The Sacrifice Women Make For Their Families Does Not Come Cheap
Shawn Britt, CLU
For many families, the job of taking care of mom and dad in their golden years naturally goes to the daughter. It’s the way society has worked since the beginning of time. Besides, being a nurturer is in our DNA. But not much thought goes into how much that role costs women when it comes our time to retire.
It is estimated that 75 percent of unpaid caregivers in the U.S. are women.Being a caregiver takes a physical and mental toll and also can have a catastrophic financial impact. Women typically work 12 years less than men over their lifetime to care for children and other family members. That’s an average of $565,000 in lost earnings – plus lost pension and social security.
Because women live longer than men, they spend more time in retirement and face a greater risk of outliving their retirement assets. Longevity also increases their chances of needed long-term care costs during their golden years. That’s why it’s especially important for women to plan for health care costs in retirement.
Make a plan
However, few women are making those plans. A recent survey by Nationwide Financial found nearly half of both women and men say they are “terrified” of what health care costs may do to their retirement plans. Yet, women are much more likely than men to say they have not estimated:
- How much they will spend each year in retirement on things like premiums, copayments and deductibles (41 percent vs. 27 percent men)
- How much income in retirement they will have from things like social security, retirement accounts or pensions (21 percent vs. 12 percent men)
While 65 percent of women have discussed their retirement with a financial advisor, of those who have, only one in 10 talked about how much they should expect to pay in health care costs apart from Medicare (compared to one in four men).
Peggy Andrew Bellows, a financial advisor with Morgan Stanley Smith Barney, feels she is not doing her job if she doesn’t discuss health care costs – including LTC expenses – with her female clients.
Bellows points out that LTC is even more of a problem today because many families have kids living all over the country and not available to take care of their parents. She says while it’s a challenge just getting people to save enough for their retirement, they still need to recognize the risk of LTC expenses and hopefully insure against it.
Bellows says while traditional a LTC policy has lost its appeal, many women are interested in a LTC rider on a life insurance policy – where if it is not used their children get the money.
Bellows says 99 percent of her job as a financial advisor is educating her clients. They are a lot more comfortable insuring long term care when they understand the details of the contract. She says women are receptive to these conversations because just about every woman has a friend who is taking care of a parent and knows exactly what that entails.
The good news is women want to have these discussions. The Nationwide Financial survey found more than 43 percent of women say they plan to meet with a financial advisor to discuss health care costs. Financial advisors can play a major role in helping women plan for and live in retirement by discussing the role Medicare will play in their retirement and helping them estimate future health care costs.
Stop the cycle
It started out with us helping our mom care for grandma. Then we care for our parents. Then our husbands. Then our daughters and granddaughters care for us. Our parents never meant for us to make significant sacrifices for them and we don’t want to make our children do the same, but the world has changed.
Women and their families need to be aware of what they will face if they do not plan ahead for this risk both emotionally and financially. That means having a candid conversation with family members and a financial advisor. Planning now gives you choices later – including ways to stay in your home longer. You don’t want to make a last-minute emergency decision that could impact your loved ones.

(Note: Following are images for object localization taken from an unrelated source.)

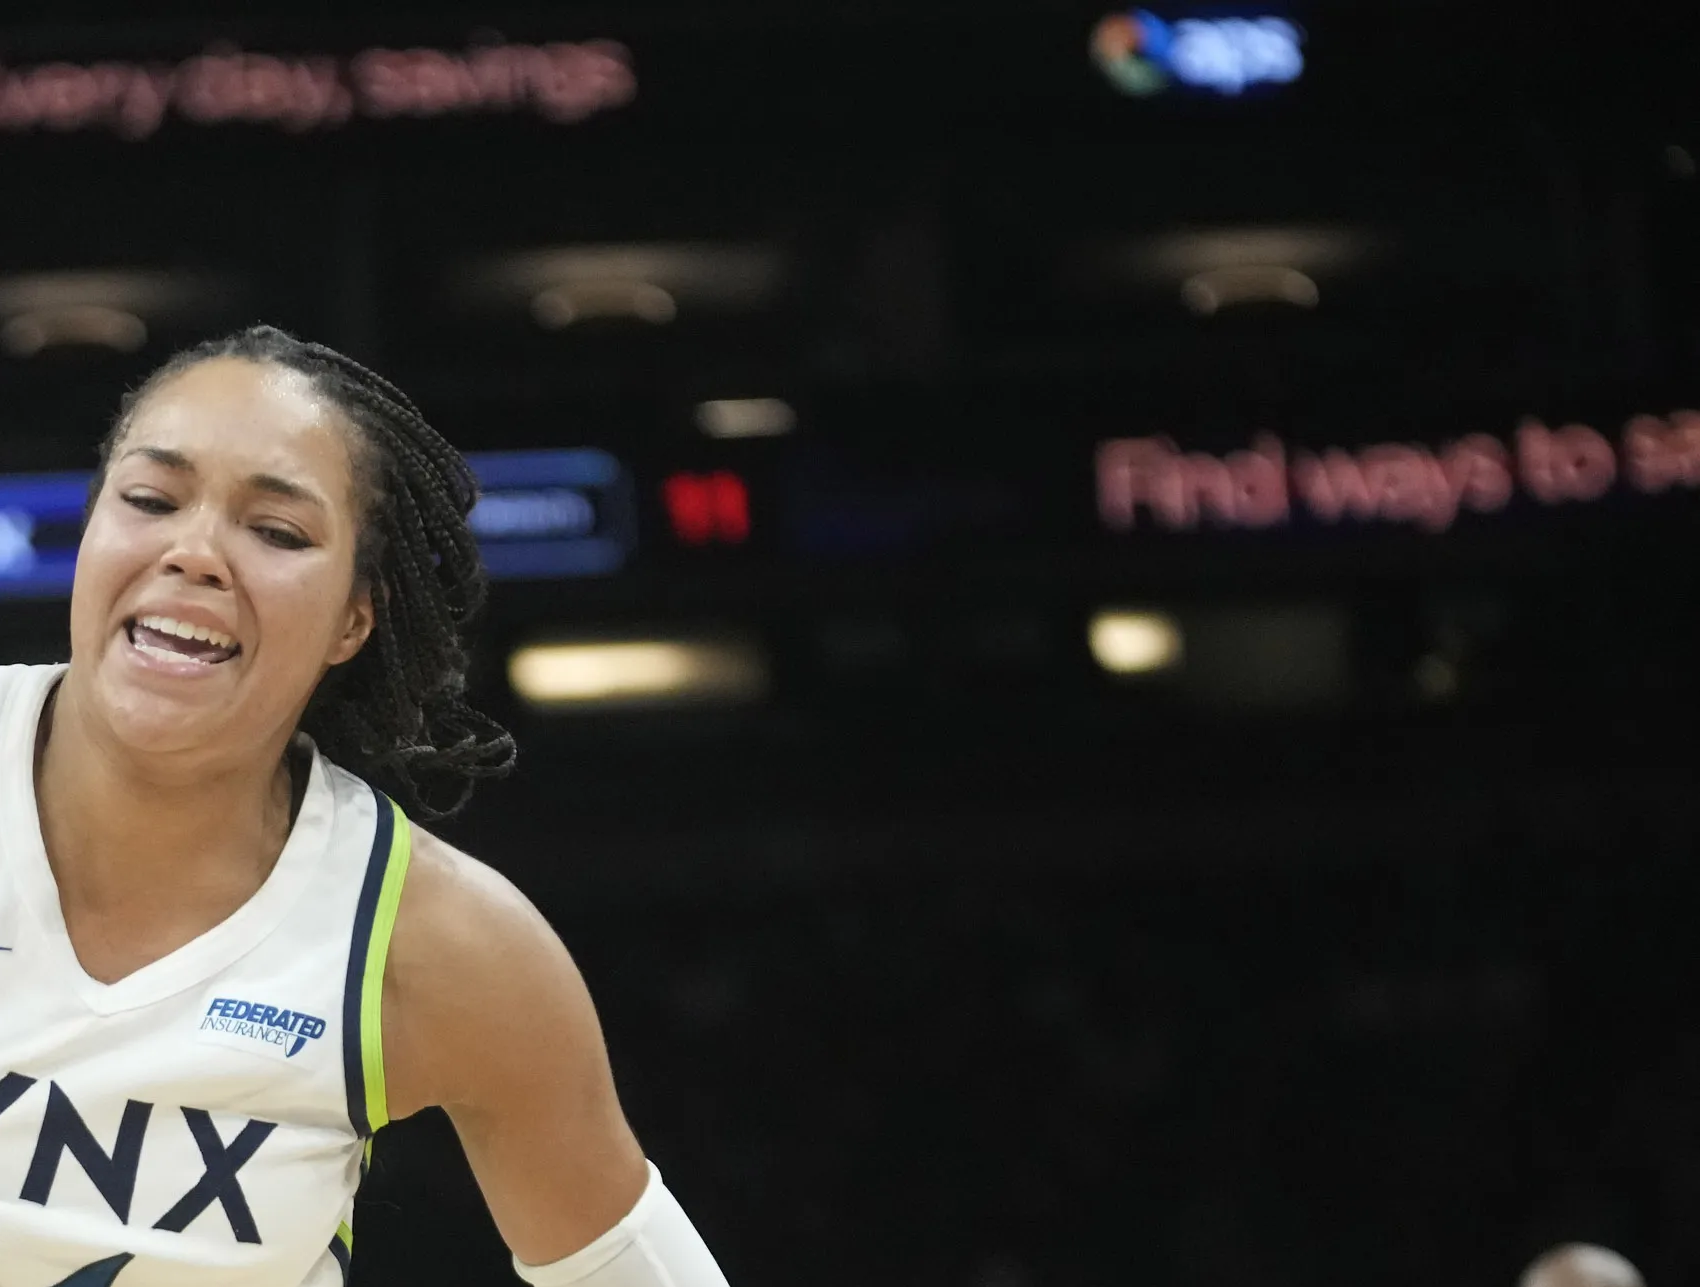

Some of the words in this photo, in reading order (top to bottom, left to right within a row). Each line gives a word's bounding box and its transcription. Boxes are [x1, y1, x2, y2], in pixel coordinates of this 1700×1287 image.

[352, 34, 638, 122] savings
[1096, 434, 1290, 530] Find
[1292, 434, 1512, 533] ways
[1516, 416, 1616, 503] to
[199, 1016, 288, 1046] INSURANCE
[206, 997, 327, 1041] FEDERATED

Shawn Britt has been engaged in the life insurance industry for over 17 years. She joined Nationwide in 2000 and has been a member of Nationwide’s Advanced Sales Team since 2005.

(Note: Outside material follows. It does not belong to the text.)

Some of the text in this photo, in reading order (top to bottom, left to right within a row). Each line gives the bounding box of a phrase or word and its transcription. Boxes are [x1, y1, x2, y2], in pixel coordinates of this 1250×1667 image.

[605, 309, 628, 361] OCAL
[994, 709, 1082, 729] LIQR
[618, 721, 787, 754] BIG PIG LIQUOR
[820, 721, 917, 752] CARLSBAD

Shawn is most known at Nationwide for her extensive work and expertise with the Long- term Care Rider and has been has been a major influence in promoting this rider and educating the field in the many uses the LTC rider affords. She has authored marketing pieces and published numerous articles on life insurance concepts, the LTC rider and the subject of long-term care in publications such as The National Underwriter, Advisor Today, Life Insurance Selling, Agent’s Journal and California Broker.
The views and opinions expressed here are those of the writer and do not necessarily represent the opinions of Nationwide.